Your assignment: Exactly the lines from the one containing "Some of the text" through the final line of the listing are to be retyped, and nothing more.

Dataset excerpts:
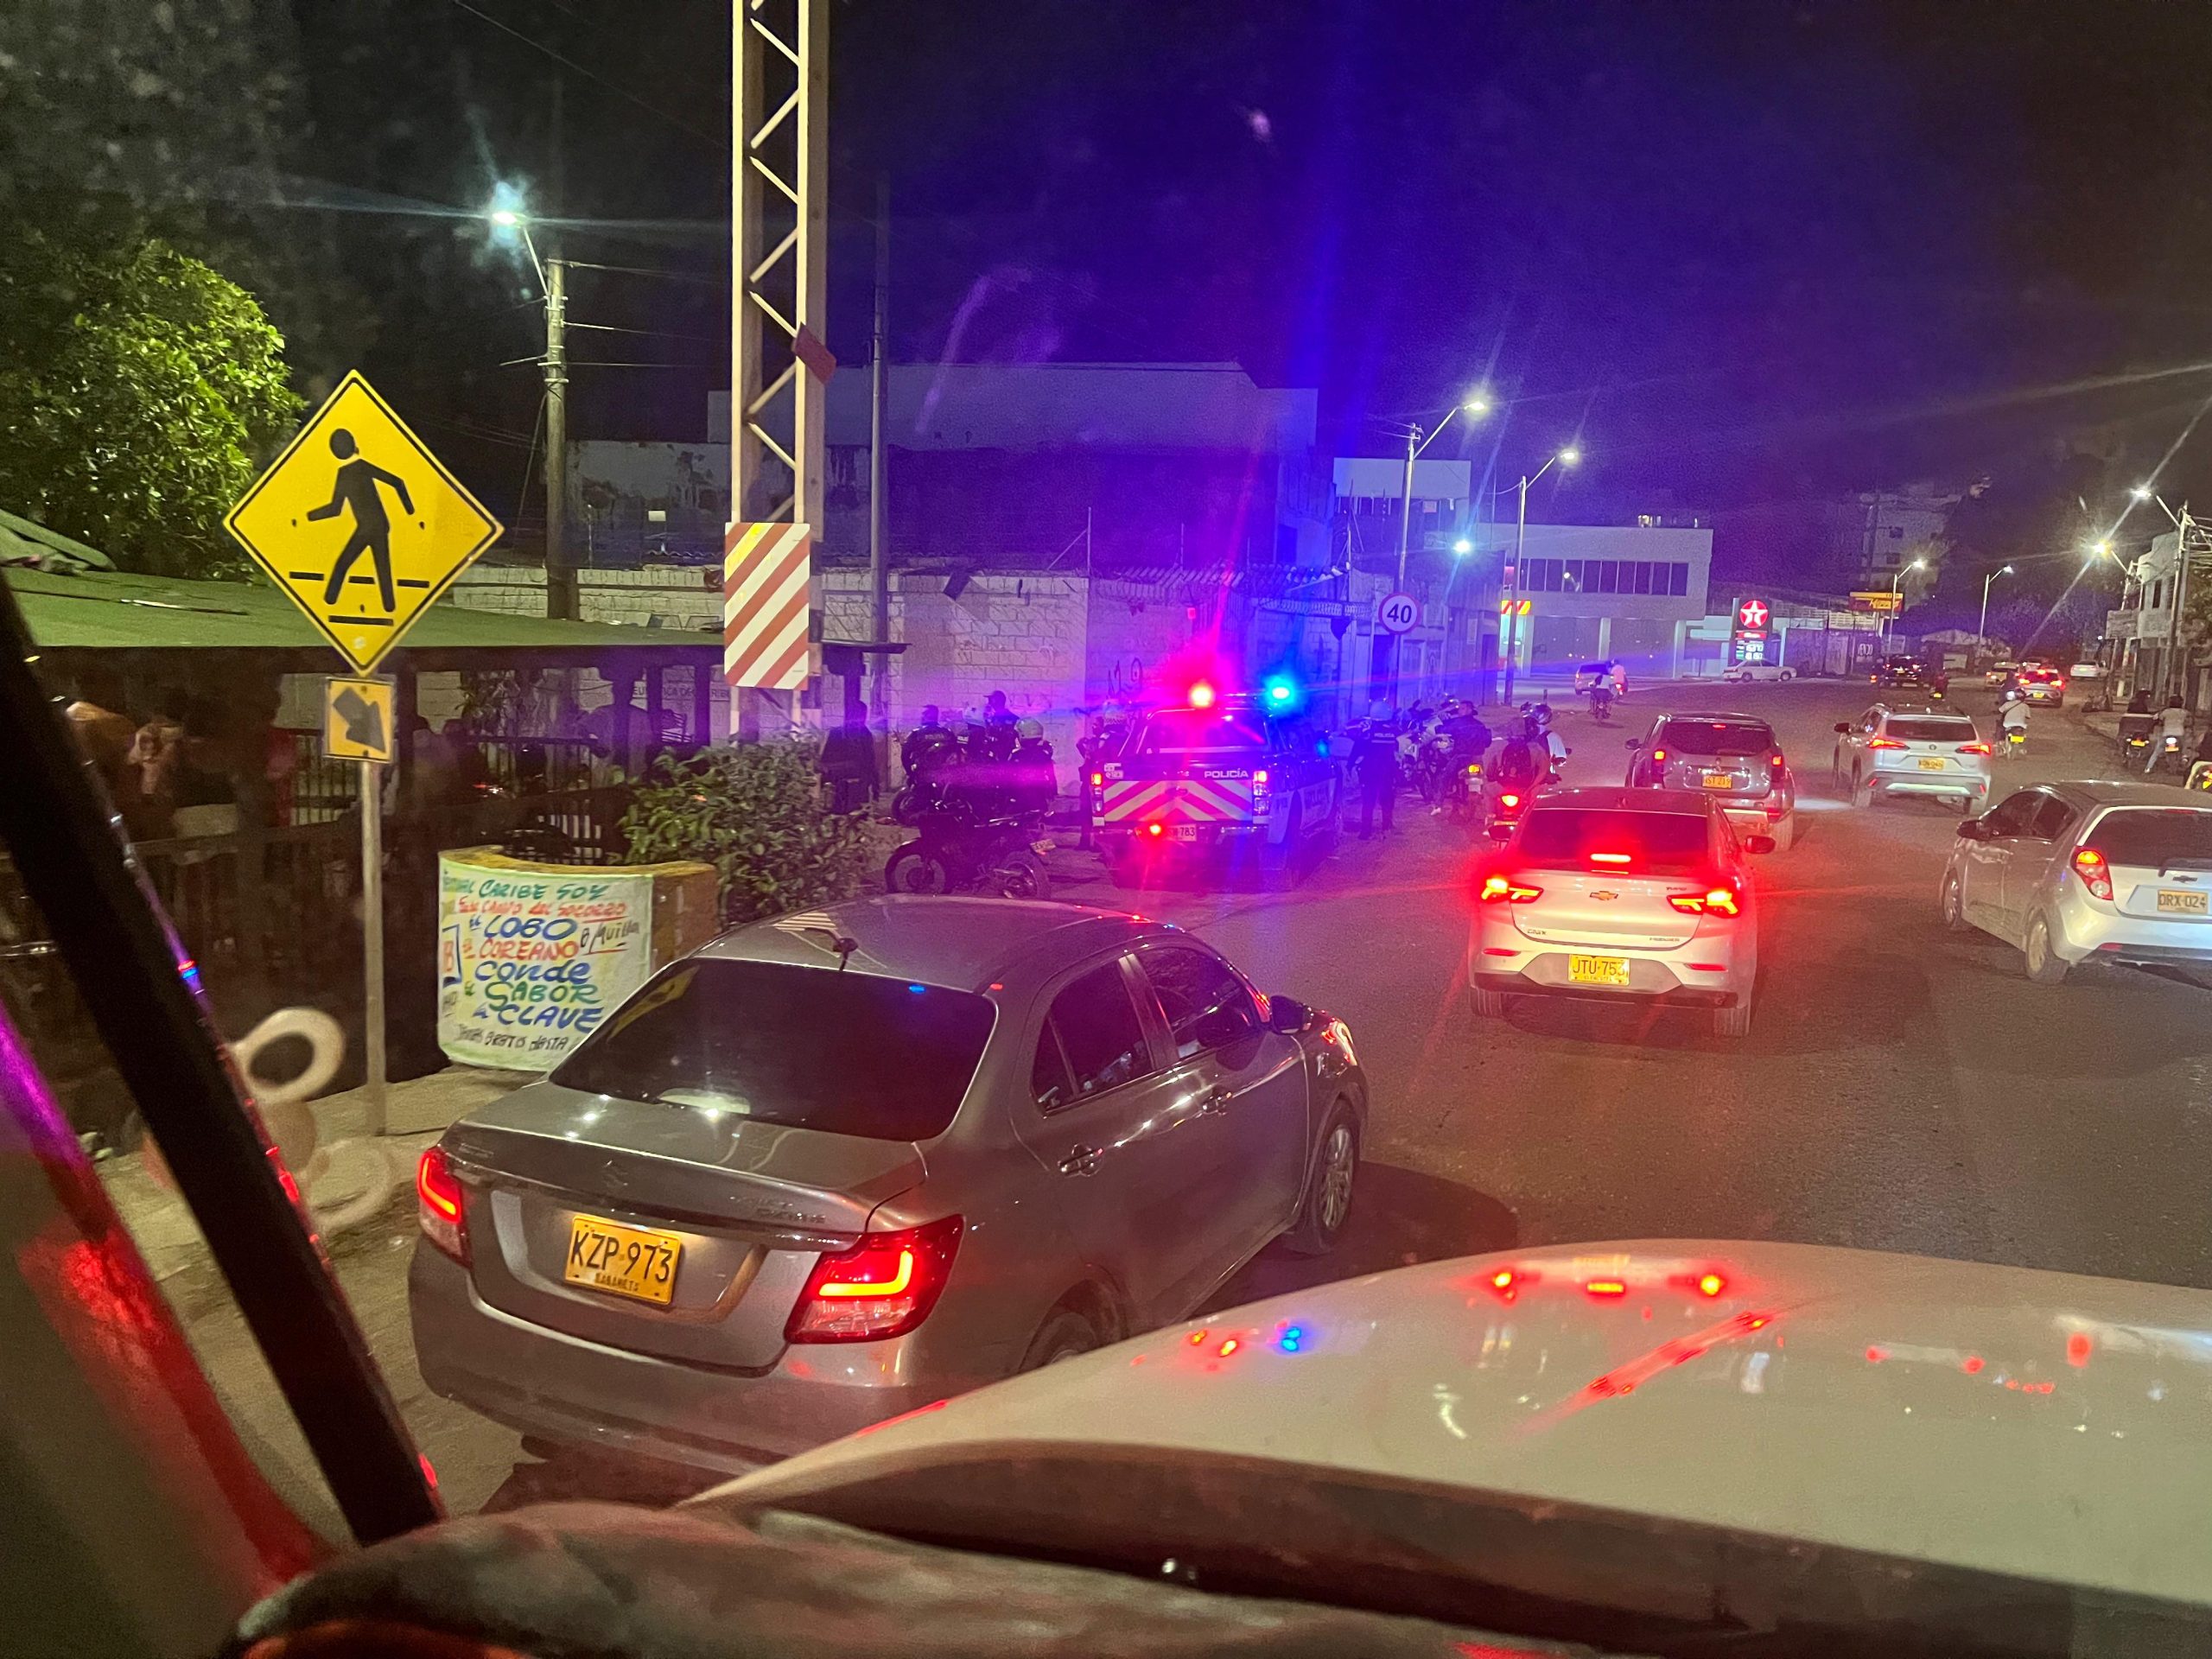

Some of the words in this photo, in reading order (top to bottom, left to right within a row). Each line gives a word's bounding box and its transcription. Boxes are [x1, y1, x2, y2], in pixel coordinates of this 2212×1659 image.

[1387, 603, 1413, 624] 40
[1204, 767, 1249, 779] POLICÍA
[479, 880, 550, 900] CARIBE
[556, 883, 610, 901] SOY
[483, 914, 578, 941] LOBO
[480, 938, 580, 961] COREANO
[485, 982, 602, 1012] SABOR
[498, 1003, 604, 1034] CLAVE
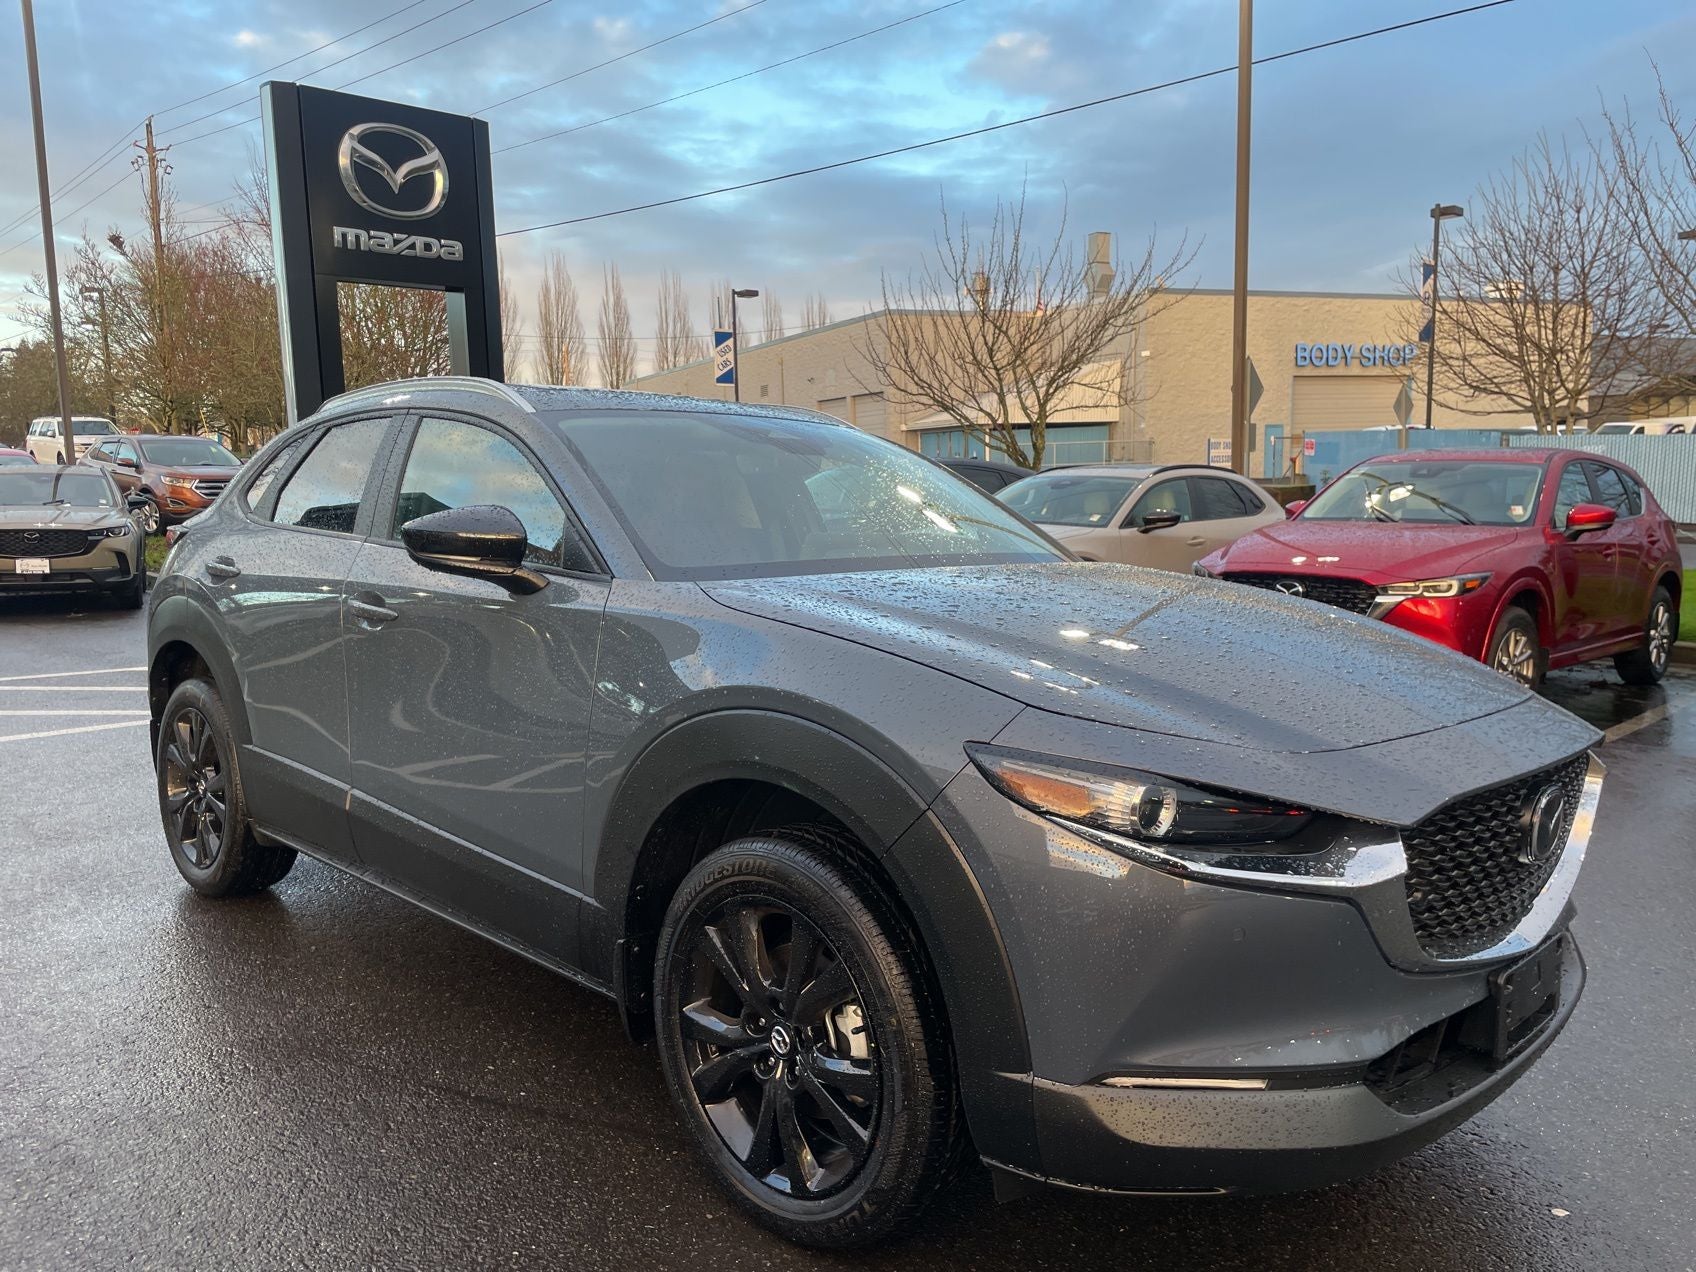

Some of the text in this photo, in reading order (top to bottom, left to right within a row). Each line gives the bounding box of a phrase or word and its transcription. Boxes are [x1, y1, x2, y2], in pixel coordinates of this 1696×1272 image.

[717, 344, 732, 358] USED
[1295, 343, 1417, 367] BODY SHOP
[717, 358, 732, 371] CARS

Task result:
Some of the text in this photo, in reading order (top to bottom, left to right within a row). Each line gives the bounding box of a phrase or word and its transcription. Boxes are [x1, y1, x2, y2], in pixel coordinates of this 1696×1272 image.

[717, 344, 732, 358] USED
[1295, 343, 1417, 367] BODY SHOP
[717, 358, 732, 371] CARS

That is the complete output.